# Wood in Hutch question



## jusalilcrazyfam (Jan 15, 2014)

We're new to owning rabbits and the kids received a hutch from a family member to get them started but it's glazed pine. I know the debate of the wood is still present but just wanted to verify that glazed = treated and treated = unsafe for their rabbit. Correct?


----------



## Imbrium (Jan 15, 2014)

Treated = no
Cedar = no
Softwoods other than cedar (including pine) = yes if kiln-dried, otherwise no
Hardwoods = safe

I would assume that glazed counts as treated. Is it glazed on the inner parts as well, or just the outside? If the rabbits wouldn't be able to access the glazed portion to chew on it, then it may be ok...

Even if the hutch is unsafe as-is, that doesn't necessarily mean the whole thing has to be tossed - there's the option of modifying the hutch to chew-proof the glazed wood - something like 1/4 or 1/2 inch hardware cloth screwed (with washers if needed) to the walls would keep them from chewing, or you could line the inside with pieces of hardwood plywood (checking now and then to make sure they weren't close to chewing through it).


----------



## jusalilcrazyfam (Jan 15, 2014)

Thanks for the quick response. It's a Trixie sloped roof 2 story hutch deal. She has access to the wood everywhere. I think I'll just keep a close eye on her for a couple more days till I can get her something else. I have C&C and corex from when we had cavies but not enough for her to have room to jump. Hmm Off to plan costs for something better.


----------



## lovelops (Jan 15, 2014)

Imbrium said:


> Treated = no
> Cedar = no
> Softwoods other than cedar (including pine) = yes if kiln-dried, otherwise no
> Hardwoods = safe
> ...




Excuse me for being stupid... are the manufactures of rabbit hutches and houses actually making things for them that is not safe??? 

That is nuts if that is the case... I mean come on.. what are they thinking!!! 

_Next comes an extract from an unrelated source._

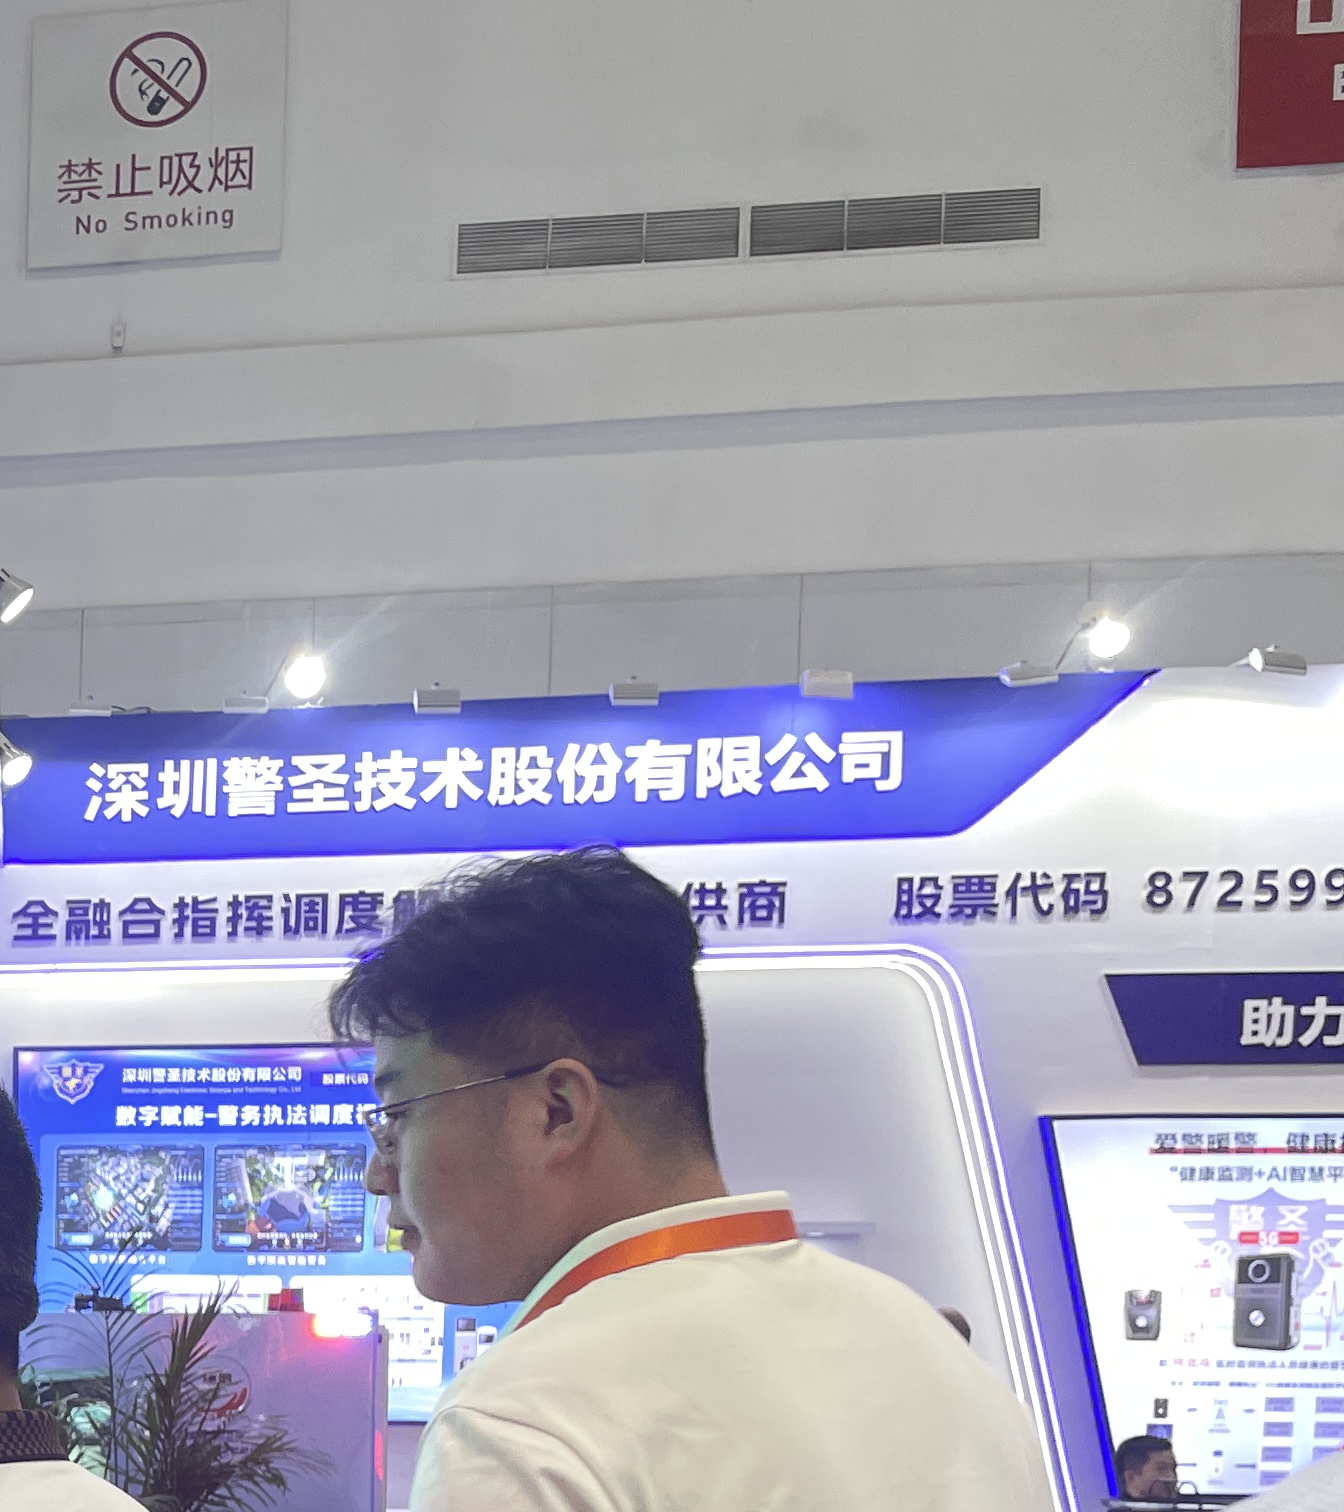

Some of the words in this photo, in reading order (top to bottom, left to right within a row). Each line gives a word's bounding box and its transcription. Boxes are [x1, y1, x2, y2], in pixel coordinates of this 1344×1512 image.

Here is your beautiful new home made totally out of asbestos! Enjoy!!! Sheesh...

Vanessa


----------



## Chrisdoc (Jan 15, 2014)

Can you get hold of the manufacturer. It would seem pretty stupid to sell a hutch which isn't safe for the bunny.


----------



## Chrisdoc (Jan 15, 2014)

Soory had to go back and look as on the app I can't see previous comments when commenting  was it treated by the family member who gave you the hutch although it looks new. Anyway, if not I'd either ask the shop where bought or manufacturer, I'm sure Trixie have a website.


----------



## Imbrium (Jan 15, 2014)

lovelops said:


> Excuse me for being stupid... are the manufactures of rabbit hutches and houses actually making things for them that is not safe???
> 
> That is nuts if that is the case... I mean come on.. what are they thinking!!!
> 
> ...



~ Store-bought indoor cages have an average size of around 40'' x 18'' x 20'' or something when that's ridiculously small for a house rabbit - specifically, they're an ideal size for Syrian hamsters if you cover them with mesh... and store-bought hamster cages are an appropriate size to be a glorified shoe-box, because they're way to small to keep a living creature in.

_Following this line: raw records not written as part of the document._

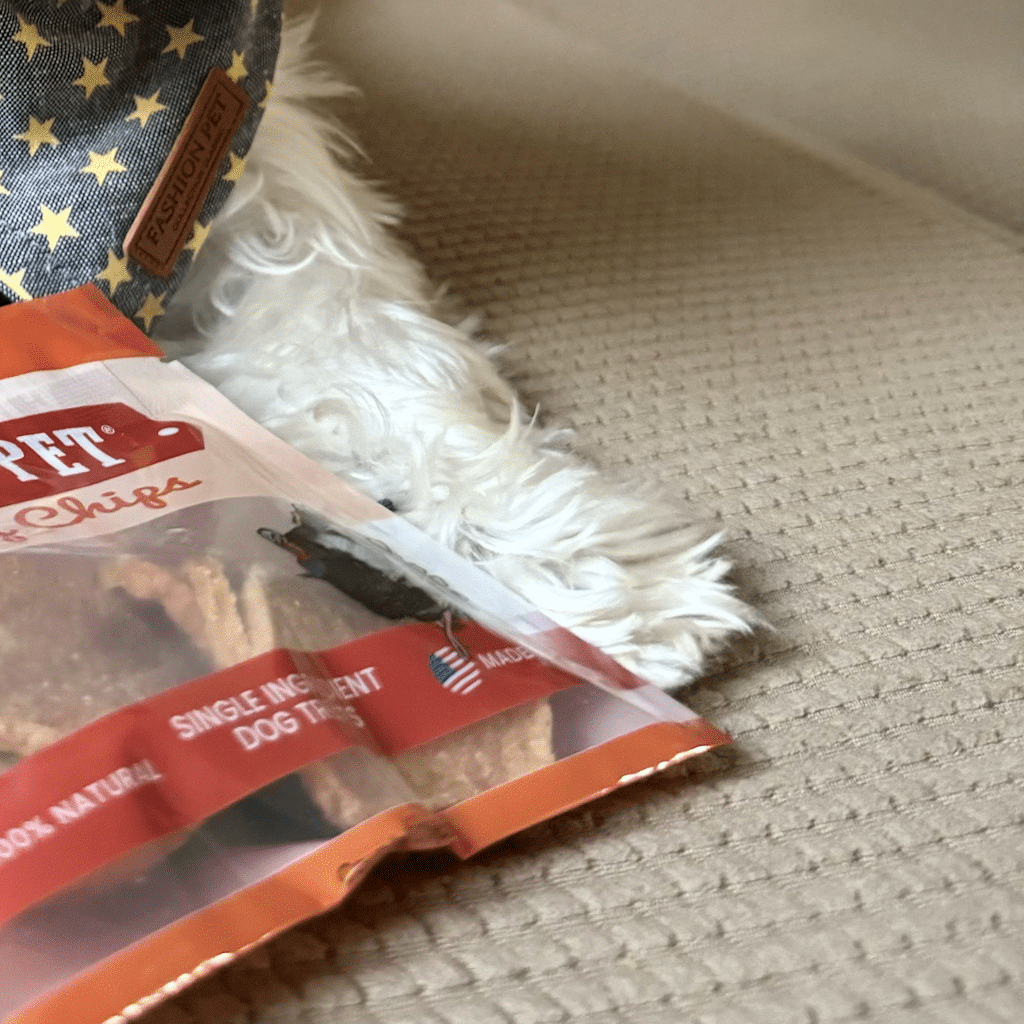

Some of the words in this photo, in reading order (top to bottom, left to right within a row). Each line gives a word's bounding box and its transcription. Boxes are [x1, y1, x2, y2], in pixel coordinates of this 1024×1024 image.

[146, 139, 205, 245] FASHION
[200, 92, 228, 142] PET
[14, 477, 203, 528] Chips
[169, 689, 268, 740] SINGLE
[231, 710, 301, 751] DOG

~ There are a multitude of small animal yogurt drop treats with a picture of a rabbit on them even though rabbits are lactose intolerant and shouldn't have treats that are almost pure sugar.

~ There are countless treats and foods marketed towards bunnies which contain seeds and/or nuts, neither of which should EVER be given to a bunny.

~ You can't walk into a pet store without seeing one or more muesli-style food mixes for rabbits. They're wildly popular because they're more aesthetically appealing to humans. People who don't know any better see all that variety and often make the incorrect assumption that it's a better, healthier food that their rabbit will love. Rabbits DO love muesli mixes, but they're one of the worst things you could possibly feed them.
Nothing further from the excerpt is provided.